**WHAT TO DO**
Reproduce the records below exactly as given.

**INPUT MATERIAL**
+++

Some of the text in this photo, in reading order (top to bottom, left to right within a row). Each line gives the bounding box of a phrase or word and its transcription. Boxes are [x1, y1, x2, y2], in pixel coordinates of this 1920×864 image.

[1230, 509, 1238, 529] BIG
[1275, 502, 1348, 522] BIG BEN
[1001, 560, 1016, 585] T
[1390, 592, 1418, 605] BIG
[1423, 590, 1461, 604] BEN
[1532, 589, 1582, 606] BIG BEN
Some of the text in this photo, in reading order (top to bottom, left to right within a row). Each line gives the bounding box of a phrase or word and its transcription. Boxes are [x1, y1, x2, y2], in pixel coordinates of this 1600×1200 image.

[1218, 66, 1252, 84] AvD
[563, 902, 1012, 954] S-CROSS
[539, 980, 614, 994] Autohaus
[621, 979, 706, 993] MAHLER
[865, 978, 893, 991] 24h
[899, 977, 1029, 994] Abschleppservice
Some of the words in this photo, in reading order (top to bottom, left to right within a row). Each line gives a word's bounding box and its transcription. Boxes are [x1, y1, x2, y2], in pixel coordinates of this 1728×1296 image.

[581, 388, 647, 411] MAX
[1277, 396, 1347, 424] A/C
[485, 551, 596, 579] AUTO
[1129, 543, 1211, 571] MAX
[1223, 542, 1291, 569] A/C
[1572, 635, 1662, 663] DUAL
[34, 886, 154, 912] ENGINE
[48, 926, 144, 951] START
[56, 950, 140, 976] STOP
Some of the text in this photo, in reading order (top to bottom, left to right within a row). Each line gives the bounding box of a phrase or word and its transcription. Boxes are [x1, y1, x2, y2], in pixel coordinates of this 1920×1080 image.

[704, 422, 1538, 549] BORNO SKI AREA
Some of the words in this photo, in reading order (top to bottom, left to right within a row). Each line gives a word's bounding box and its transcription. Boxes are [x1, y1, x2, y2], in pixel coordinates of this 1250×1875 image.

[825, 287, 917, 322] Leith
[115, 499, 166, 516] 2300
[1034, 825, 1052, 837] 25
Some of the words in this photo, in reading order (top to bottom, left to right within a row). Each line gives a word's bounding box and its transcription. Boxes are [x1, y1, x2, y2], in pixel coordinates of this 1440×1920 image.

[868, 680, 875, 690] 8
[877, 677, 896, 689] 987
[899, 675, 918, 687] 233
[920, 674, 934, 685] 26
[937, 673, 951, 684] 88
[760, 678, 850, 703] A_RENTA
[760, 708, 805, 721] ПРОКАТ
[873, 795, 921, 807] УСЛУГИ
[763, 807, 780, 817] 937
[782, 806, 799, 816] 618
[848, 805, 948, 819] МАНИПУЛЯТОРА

+++

**REPLY TO THE TASK**
Some of the text in this photo, in reading order (top to bottom, left to right within a row). Each line gives the bounding box of a phrase or word and its transcription. Boxes are [x1, y1, x2, y2], in pixel coordinates of this 1920×864 image.

[1230, 509, 1238, 529] BIG
[1275, 502, 1348, 522] BIG BEN
[1001, 560, 1016, 585] T
[1390, 592, 1418, 605] BIG
[1423, 590, 1461, 604] BEN
[1532, 589, 1582, 606] BIG BEN
Some of the text in this photo, in reading order (top to bottom, left to right within a row). Each line gives the bounding box of a phrase or word and its transcription. Boxes are [x1, y1, x2, y2], in pixel coordinates of this 1600×1200 image.

[1218, 66, 1252, 84] AvD
[563, 902, 1012, 954] S-CROSS
[539, 980, 614, 994] Autohaus
[621, 979, 706, 993] MAHLER
[865, 978, 893, 991] 24h
[899, 977, 1029, 994] Abschleppservice
Some of the words in this photo, in reading order (top to bottom, left to right within a row). Each line gives a word's bounding box and its transcription. Boxes are [x1, y1, x2, y2], in pixel coordinates of this 1728×1296 image.

[581, 388, 647, 411] MAX
[1277, 396, 1347, 424] A/C
[485, 551, 596, 579] AUTO
[1129, 543, 1211, 571] MAX
[1223, 542, 1291, 569] A/C
[1572, 635, 1662, 663] DUAL
[34, 886, 154, 912] ENGINE
[48, 926, 144, 951] START
[56, 950, 140, 976] STOP
Some of the text in this photo, in reading order (top to bottom, left to right within a row). Each line gives the bounding box of a phrase or word and its transcription. Boxes are [x1, y1, x2, y2], in pixel coordinates of this 1920×1080 image.

[704, 422, 1538, 549] BORNO SKI AREA
Some of the words in this photo, in reading order (top to bottom, left to right within a row). Each line gives a word's bounding box and its transcription. Boxes are [x1, y1, x2, y2], in pixel coordinates of this 1250×1875 image.

[825, 287, 917, 322] Leith
[115, 499, 166, 516] 2300
[1034, 825, 1052, 837] 25
Some of the words in this photo, in reading order (top to bottom, left to right within a row). Each line gives a word's bounding box and its transcription. Boxes are [x1, y1, x2, y2], in pixel coordinates of this 1440×1920 image.

[868, 680, 875, 690] 8
[877, 677, 896, 689] 987
[899, 675, 918, 687] 233
[920, 674, 934, 685] 26
[937, 673, 951, 684] 88
[760, 678, 850, 703] A_RENTA
[760, 708, 805, 721] ПРОКАТ
[873, 795, 921, 807] УСЛУГИ
[763, 807, 780, 817] 937
[782, 806, 799, 816] 618
[848, 805, 948, 819] МАНИПУЛЯТОРА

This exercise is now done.